Hacker News new | ask | show | jobs
by gpderetta 2363 days ago
I do not think x86 atomics are implemented as LL/SC internally. As a minimum they always guarantee forward progress: as soon the cacheline is acquired in exclusive mode (and the coherency protocol gurantees it happens in finite time), the load-op-write always happens and cannot be interrupted.

Also as far as I'm aware, at least on intel all atomic operations take pretty much exactly the same number of clock cyles (except for CAS and DCAS which are ~10% and 50% more expensive, IIRC)

1 comments

That is exactly my point. Any x86 SMP platform since Pentium is built on the assumption that truly exclusive access is possible. For the shared FSB platforms that is trivially implemented by global LOCK# and K8/QPI simply has to somehow simulate same behavior on top of some switched NUMA fabric (and this is one of the reasons why x86 NUMA coherency protocols are somewhat wasteful, think global broadcasts, and incredibly complex).

For context: before Pentium with its glueless 2x2 SMP/redundancy support there were various approaches to shared memory x86 multiprocessors with wildly different memory coherence models. (And some of the “lets design a board with eight 80386” are the reason why Intel had designed i586 to be glueless and such systems are probably still used to this day, althought unsupported)

No, to implement x86 atomic semantics is the guarantee that a single cache line can be held in exlusive mode for a minimum lenght of time.

As forward progress is a pretty basic requirements, in practice even LL/SC platforms in practice do that, but is instead of having a single instruction with guaranteed forward progress you have to use a few special (but sometimes underspecified) sequences of instructions between the ll/sc pairs.

> in practice

FWIW RISC-V guarantees forward progress for reasonable uses:

> We mandate that LR/SC sequences of bounded length (16 consecutive static instructions) will eventually succeed, provided they contain only base ISA instructions other than loads, stores, and taken branches.

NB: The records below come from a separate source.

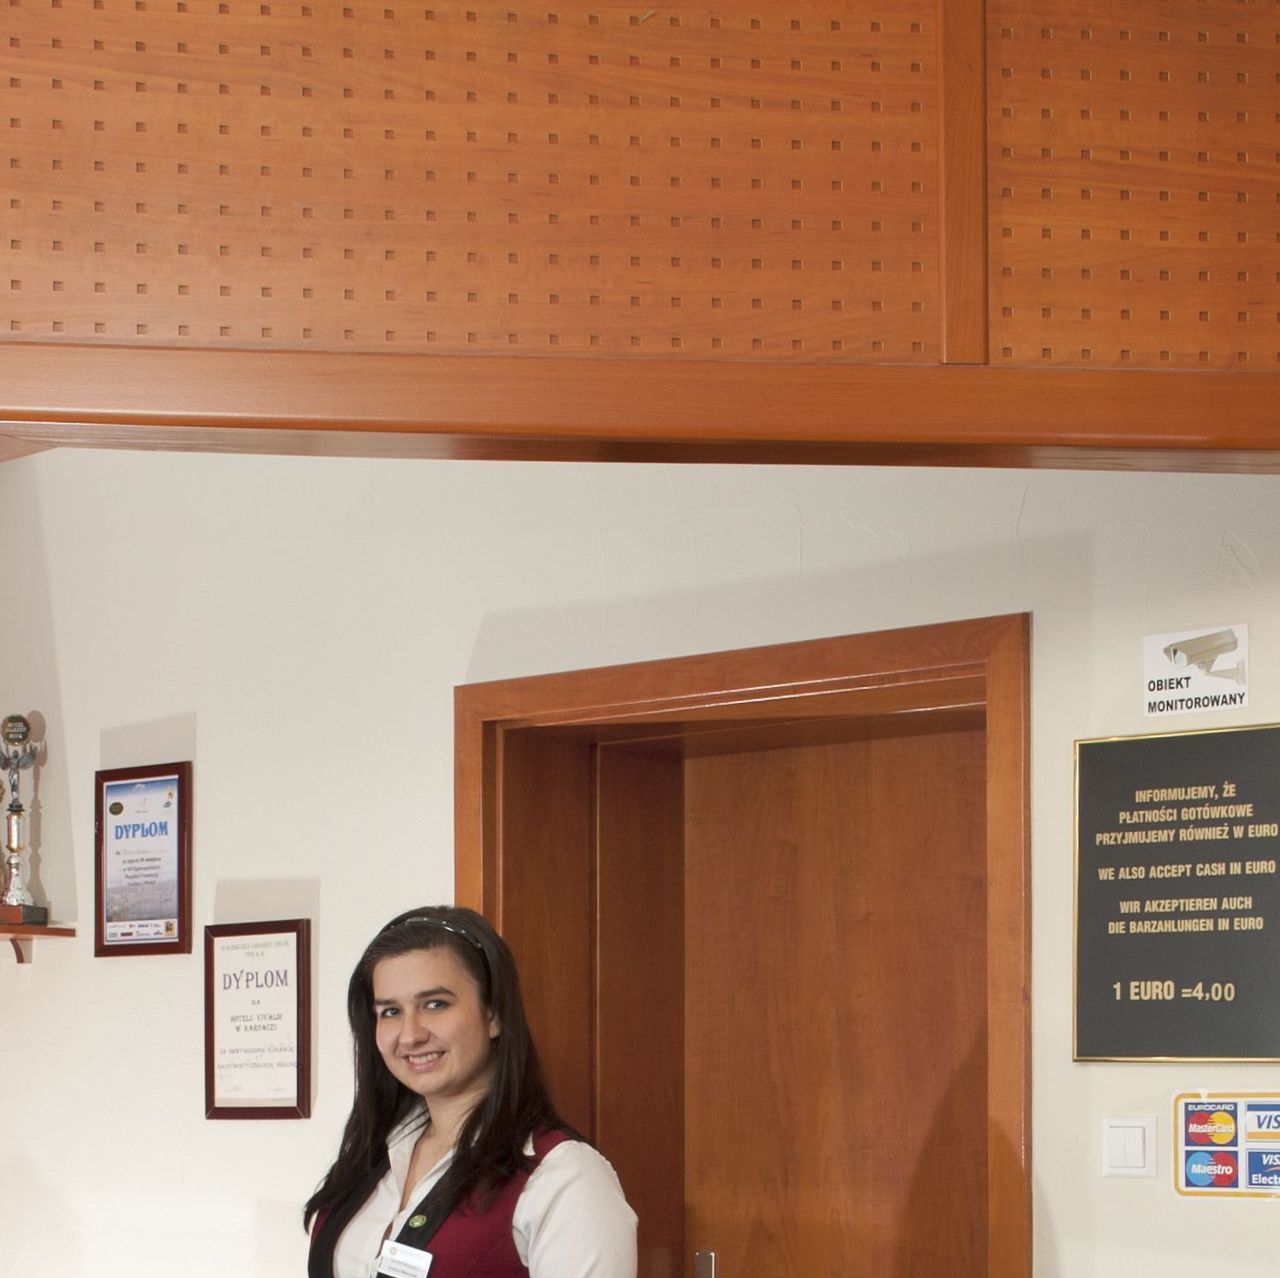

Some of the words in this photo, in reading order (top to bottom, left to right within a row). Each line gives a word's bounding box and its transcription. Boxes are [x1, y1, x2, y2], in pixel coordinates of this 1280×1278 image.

[1147, 676, 1192, 692] OBIEKT
[1147, 692, 1246, 713] MONITOROWANY
[1135, 785, 1219, 803] INFORMUJEMY,
[1222, 781, 1237, 798] ŻE
[1118, 806, 1178, 824] PŁATNOŚCI
[1180, 803, 1254, 822] GOTÓWKOWE
[114, 821, 169, 840] DYPLOM
[1095, 829, 1176, 846] PRZYJMUJEMY
[1179, 823, 1230, 842] RÓWNIEŻ
[1233, 826, 1244, 839] W
[1248, 823, 1279, 838] EURO
[1098, 868, 1115, 880] WE
[1118, 866, 1146, 880] ALSO
[1149, 864, 1193, 879] ACCEPT
[1196, 862, 1226, 877] CASH
[1229, 862, 1242, 875] IN
[1245, 860, 1277, 875] EURO
[1119, 900, 1141, 914] WIR
[1144, 898, 1218, 913] AKZEPTIEREN
[1221, 896, 1253, 911] AUCH
[1108, 921, 1126, 935] DIE
[1129, 919, 1214, 934] BARZAHLUNGEN
[1218, 918, 1230, 931] IN
[1233, 917, 1264, 931] EURO
[222, 969, 289, 991] DYPLOM
[1113, 982, 1121, 1000] 1
[1129, 980, 1175, 1001] EURO
[1181, 981, 1236, 1001] =4,00
[1187, 1104, 1235, 1112] EUROCARD
[1187, 1123, 1234, 1134] MasterCard
[1191, 1163, 1233, 1176] Maestro

[sorry for the late reply]

what happens if those 16 instructions touch 16 different cache lines? I'm not an hardware expert (and even less on coherency protocols), but I think it would be extremely hard to make sure livelocking is avoided in all cases, short of having some extremely expensive and heavy handed global 'bus' lock fallback.

Reading and writing memory are excluded from the guarantee, aside from the LR/SC instructions that bookend a transaction. Inside the transaction you're basically limited to register-register ALU and aborting branches.